Hello Christine. I am a boat owner myself and live in Istanbul. I am Turkish and long time sea farer. I used to be a Captain Merchant Marine. My boat is fiber (A Jeanneau 439) I myself have been interested in buildng my own boat in Aluminum. So your request has been quite interesting to me. I have done few searches on this. I must say that building aluminum boats are not very common in Turkey. Turkish yards have been popular for building fiber, wooden and steel yachts, even super yachts. So the material and labor is cheaper compared to other European countries. Aluminum builders do also exist and I think it will be more common in future as well. I had found one particular yard which had posts for a newly built aluminum boat. But I never made inquiries about it, as I don't currently intend to build an aluminum boat but in some future time. I had bought my current boat two years ago. So I will be using that boat for some more time. What sort of boat do you like? A sailing boat or motor boat?


----------



## christinekling (Aug 8, 2015)

Hello sailor1999,

Thank you very much for your response to my query. I'm so happy to meet another sailor. We are currently in Fiji on our 52-foot custom steel motorsailer called LEARNATIVITY. I have sailed for over 40 years and owned mostly fiberglass boats, but when I met my husband, he had this steel boat and I have come to appreciate metal boats. I am now 61 and my husband is 62, and we are becoming more and more interested in building an ocean-going, passage-making power boat that would have at least a 4,000 NM range. This would be a boat that could do some of the canals in Europe, but also cross the Atlantic or Pacific Ocean.
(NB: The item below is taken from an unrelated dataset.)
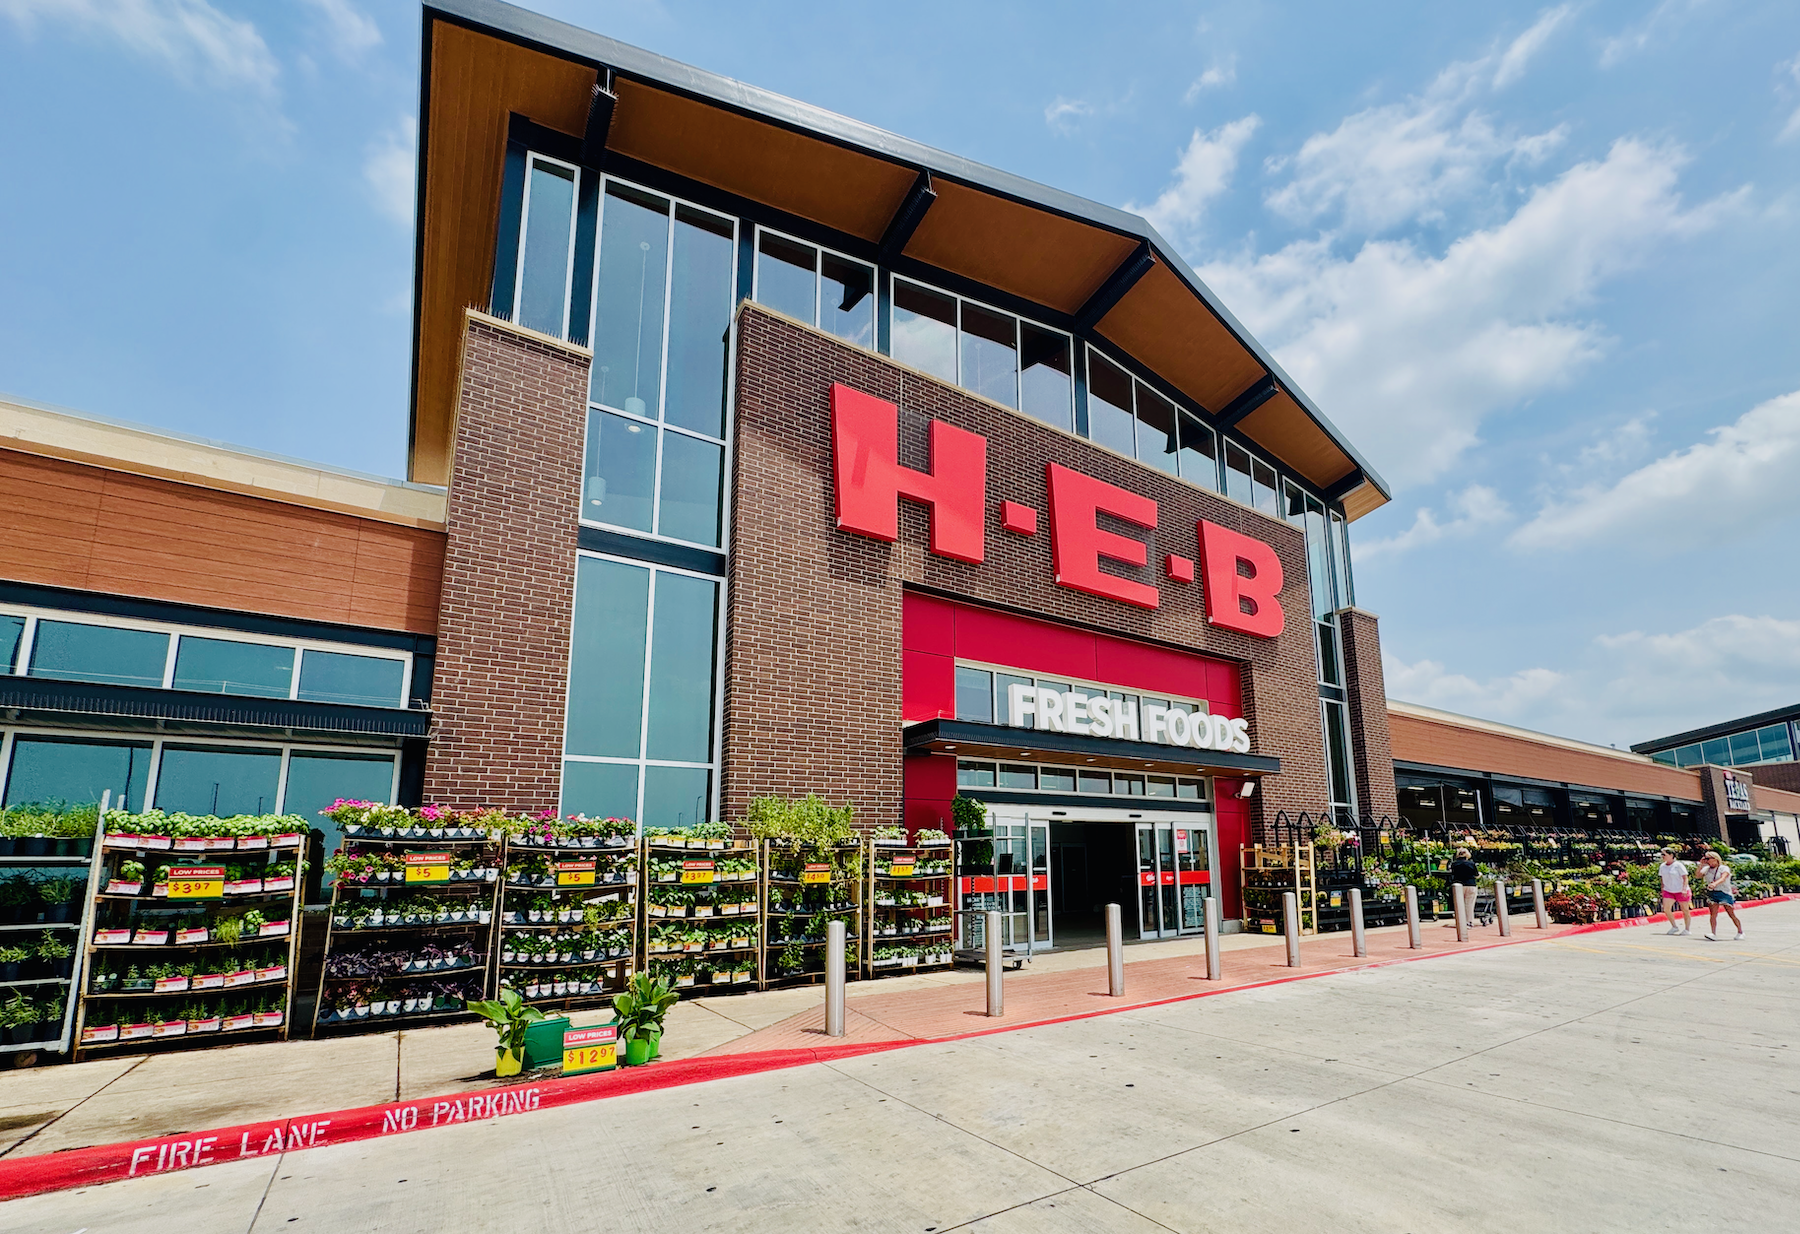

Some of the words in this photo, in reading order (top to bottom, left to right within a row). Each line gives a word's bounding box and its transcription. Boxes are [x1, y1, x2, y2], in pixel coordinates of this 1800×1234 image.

We visited Turkey in spring 2014 (I am a writer and I was researching a new book). We got the chance to sail with friends of ours from Finike to Kas on their Catalina 42. After we left their boat, we visited many other harbors and marinas along the coast by bus and on our own. We fell in love with your country. We saw amazing boats that had been built there - not just the tourist gullets, but all different sorts. Bodrum and Marmaris were unbelievable. Now we have learned that there is this free-trade zone in Antalya for boatbuilding and many builders are moving there. We know that it will take us several years to build this new custom boat, and we are so interested in Turkey because of the great skilled labor force you have there and also because it would be a great place to live for several years.
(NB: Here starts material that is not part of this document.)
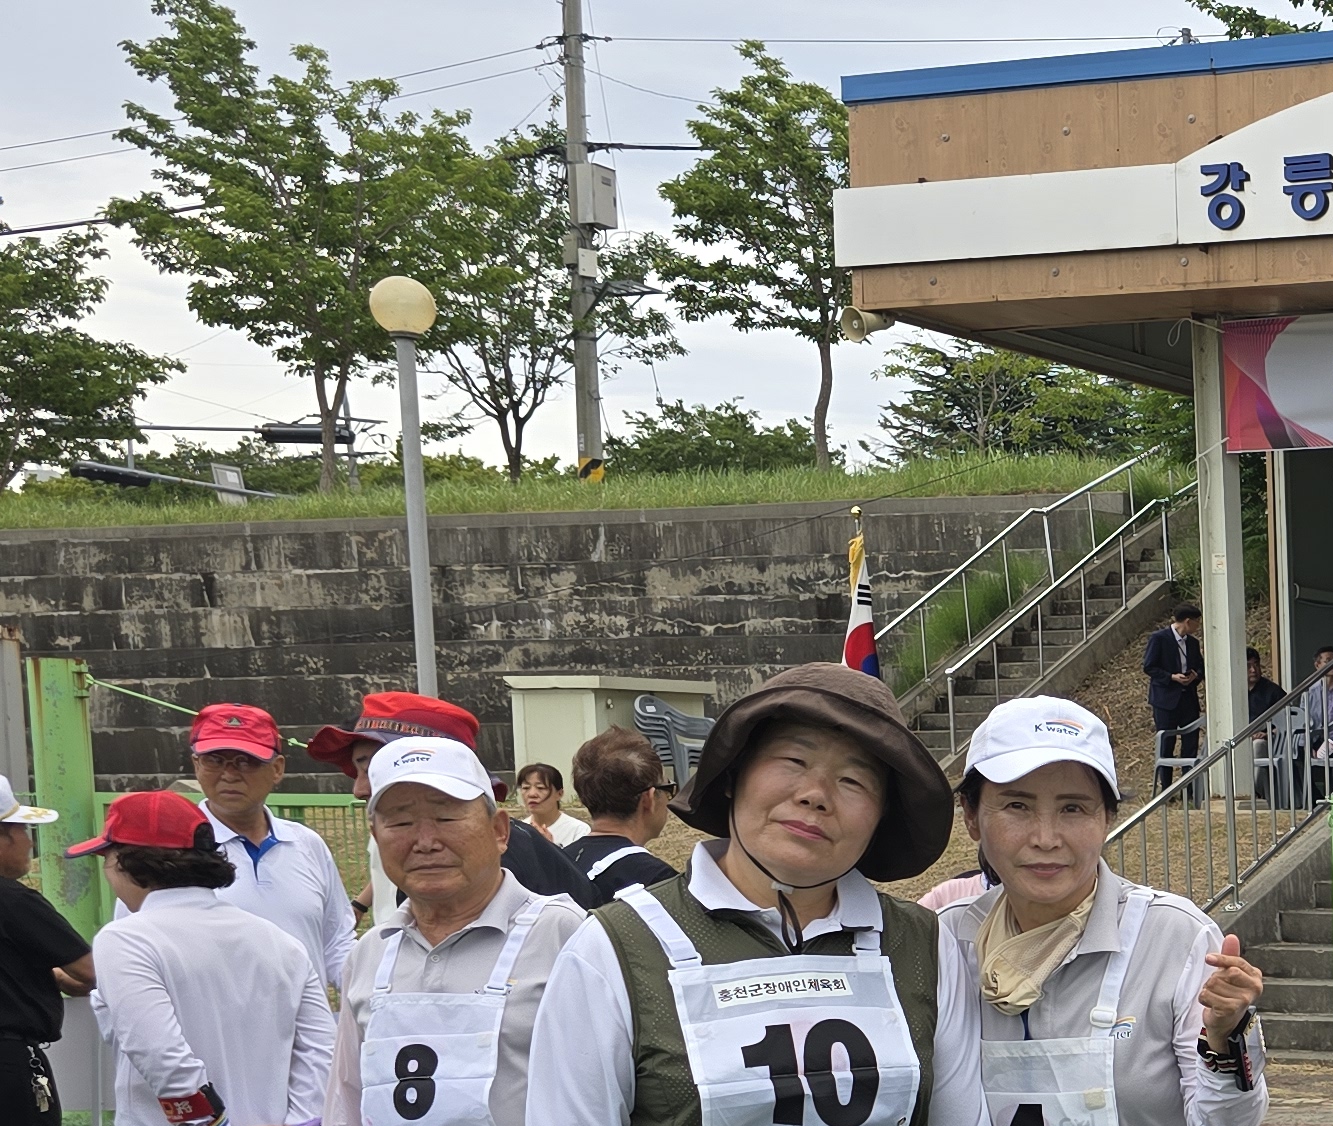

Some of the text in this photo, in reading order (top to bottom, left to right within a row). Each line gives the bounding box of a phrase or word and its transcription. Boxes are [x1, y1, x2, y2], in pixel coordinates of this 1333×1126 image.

[1046, 725, 1080, 737] water
[401, 755, 431, 765] water
[717, 977, 847, 1003] 홍천군장애인체육회
[393, 1043, 439, 1121] 8
We found one interesting company that specializes in aluminum boats there - Harman Yachts. They are in the Antalya free zone and they are building some beautiful sailboats. That might be the company you saw before. The photos on their website of their facility look like it is incredibly modern and state of the art.
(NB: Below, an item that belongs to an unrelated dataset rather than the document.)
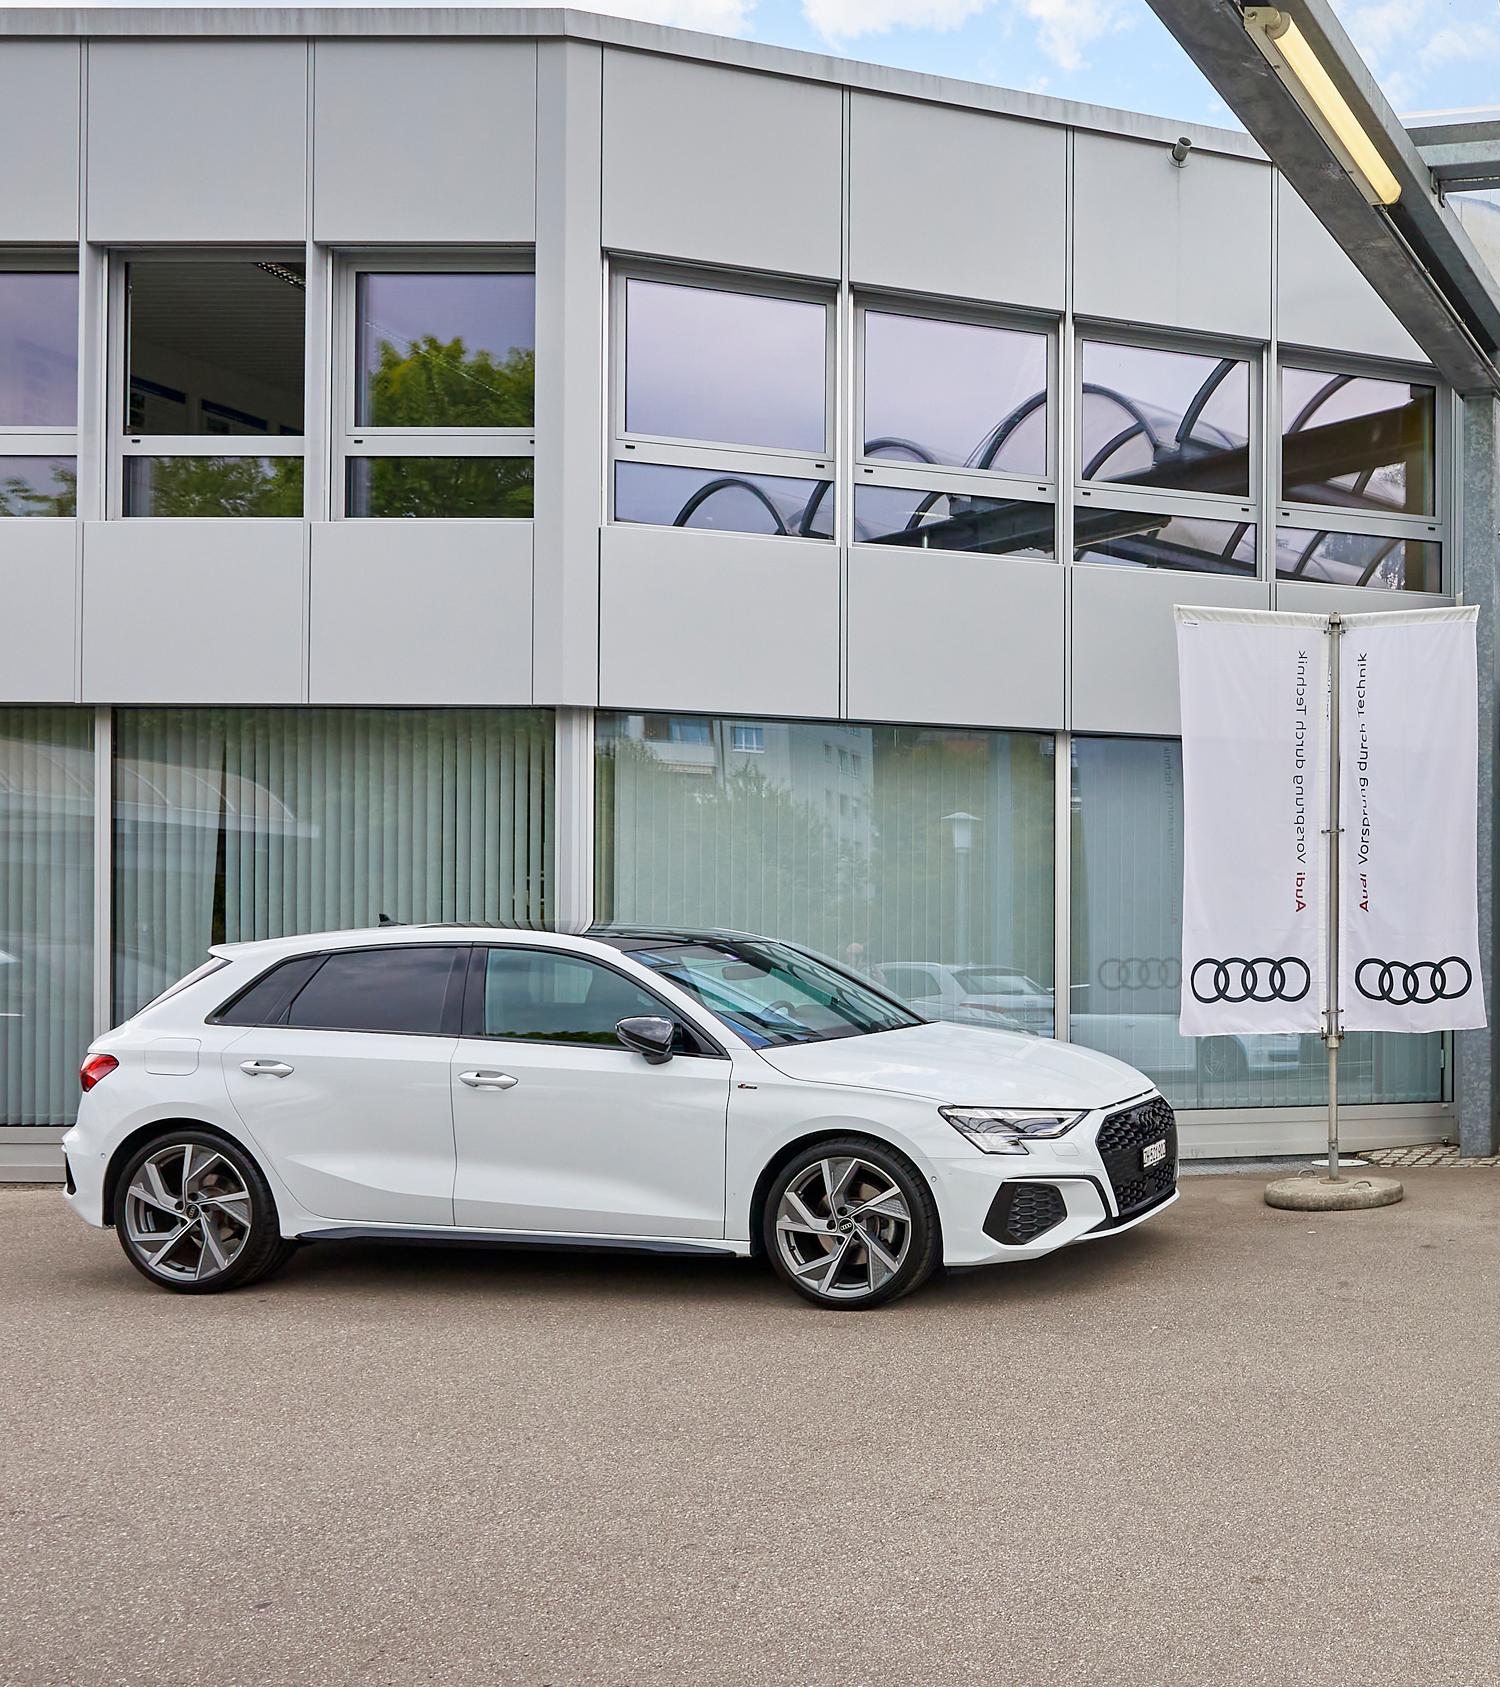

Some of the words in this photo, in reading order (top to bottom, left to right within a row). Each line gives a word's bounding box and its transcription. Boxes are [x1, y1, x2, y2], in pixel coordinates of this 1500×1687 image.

[1356, 652, 1368, 718] Technik
[1357, 724, 1369, 771] durch
[1358, 777, 1370, 865] Vorsprung
[1359, 873, 1369, 912] Audi
We are investigating all possibilities, but probably, in order to afford this new boat, we will have to do lots of the labor ourselves. We are interested in perhaps finding a yard that can help with the design and modeling as well as building the hull and deck. Then we would move the boat to a less expensive location and install the systems and finish out the interior ourselves. There is another company in Izmir that we are interested in ]Asboat Yacht Building. It appears they build steel boats. I don't know if they would build an aluminum boat.

If you are interested in reading my blog about our travels and all, you can Google (moderated) to find my blog.

Christine


----------



## sailor1999 (Aug 21, 2015)

Hello Christine

It was Gia Yachting whom I had seen as aluminum boat builder. I have also dropped a message at your blog.

Take care

Erdinc


----------